The treatment of locally advanced NSCLC remains controversial  due to the heterogeneity of this patient population. Surgery alone is not recommended as the standard therapy, because the prognosis of these patients varies according to the status of mediastinal lymph node involvement. Additionally, primary surgery has been shown to have poor outcomes in certain subgroups of patients with this disease . The most common treatment approaches are concurrent chemoradiation (CRT) [13, 14], or in some cases trimodality therapy, which involves CRT followed by surgical resection [15, 16]. Thoracic irradiation may cause a bronchovascular fistula, which results either from the rapid regression of the tumor or from necrosis of the bronchial mucosa and the vessel wall by radiotherapy itself with the attendant endothelial damage causing vascular abnormalities. As the pathogenesis of PH involves bronchovascular fistulae and vascular abnormalities [5, 17], thoracic irradiation is a potential cause of PH, and its toxicity may be enhanced when combined with chemotherapy .

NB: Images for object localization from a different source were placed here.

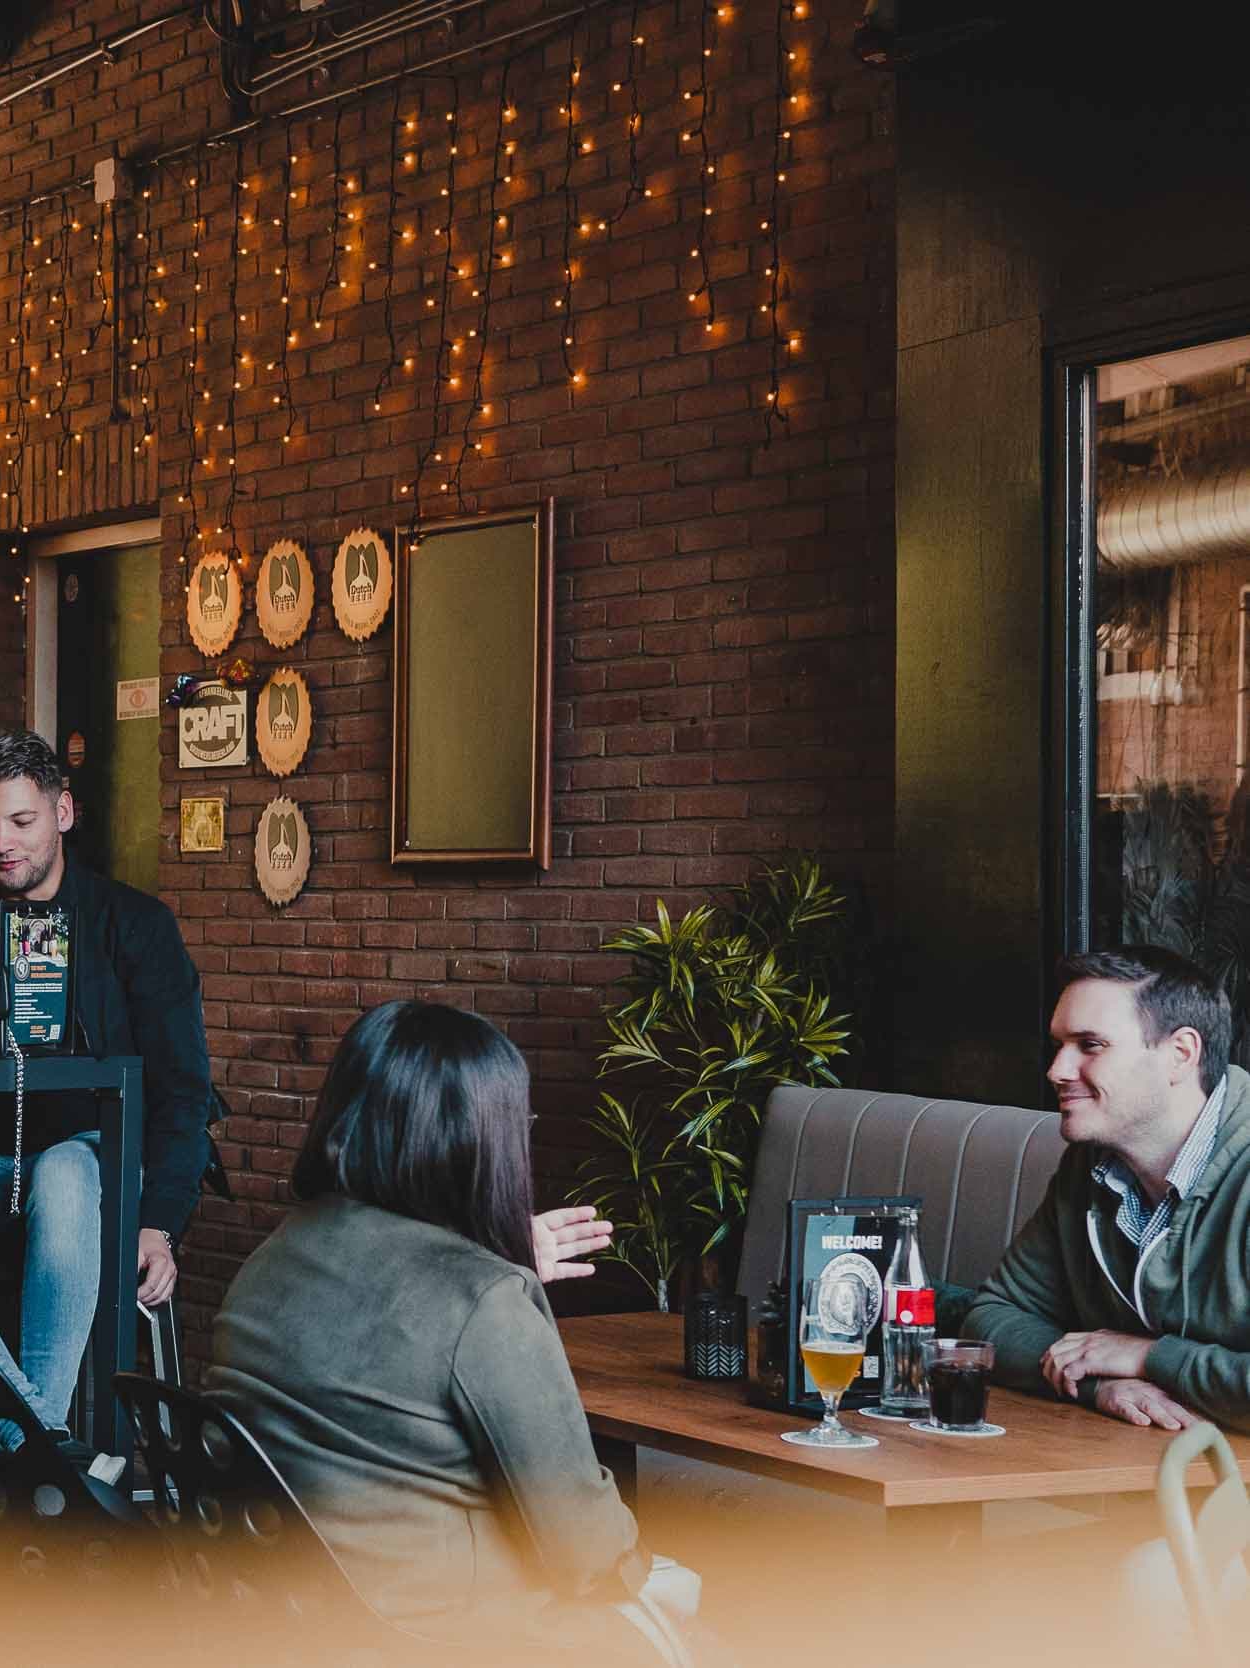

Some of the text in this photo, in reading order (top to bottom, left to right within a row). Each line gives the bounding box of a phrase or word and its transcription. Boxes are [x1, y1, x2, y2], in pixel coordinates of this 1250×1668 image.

[350, 582, 373, 596] Dutch
[181, 705, 245, 742] CRAFT
[821, 1235, 883, 1250] WELCOME!
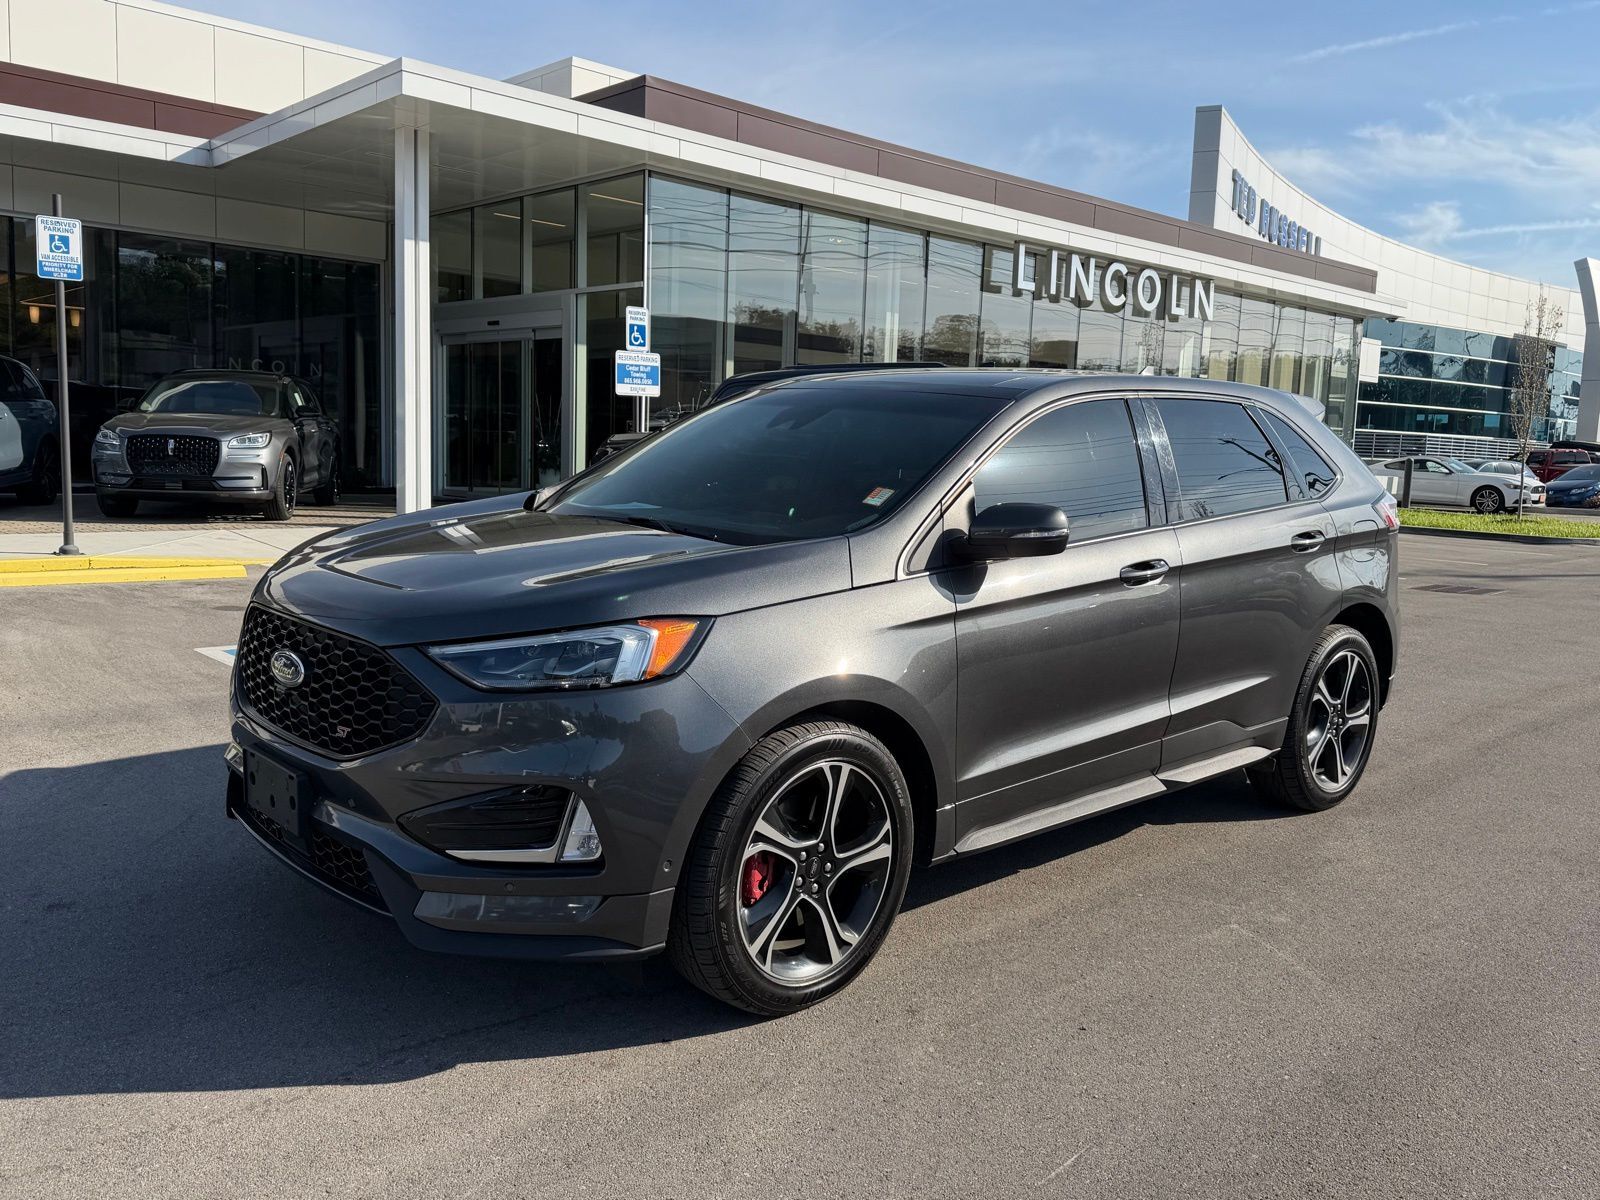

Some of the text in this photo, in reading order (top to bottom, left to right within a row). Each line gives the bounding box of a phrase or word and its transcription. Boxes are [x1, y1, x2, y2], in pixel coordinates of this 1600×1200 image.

[1232, 168, 1256, 226] TED
[40, 219, 77, 228] RESERVED
[43, 225, 75, 234] PARKING
[51, 254, 79, 263] ACCESSIBLE
[1013, 240, 1215, 321] LINCOLN
[193, 353, 322, 377] LNCOLN
[630, 371, 647, 379] Towing
[336, 725, 352, 738] ST

This study was conducted to identify the risk factors for fatal PH in patients with locally advanced NSCLC treated with chemoradiotherapy. Risk factors for fatal PH in this set of patients have not yet been established. In the current study, risk factors were determined by multiple logistic regression of variables that included patient demographics, baseline hemoptysis, tumor location, histological type, and baseline tumor cavitation, all of which could influence the occurrence of PH. We identified 2 independent significant risk factors for fatal PH: the presence of baseline major cavitation and squamous cell histology. The presence of baseline major cavitation proved to be a powerful risk factor (OR, 17.878) for fatal PH. Chaudhuri et al. examined cavitating lung cancer and reported that vascular invasion by tumor cells causes intratumoral ischemia , which induces hypoxia-inducible transcription factors and several angiogenic factors such as vascular endothelial growth factors . The mechanism of PH in tumors with cavitation remains unclear, but disruption of the abnormal intratumoral vasculature by these transcription factors or cytokines may be one of the causes of PH in case of tumors with cavitation.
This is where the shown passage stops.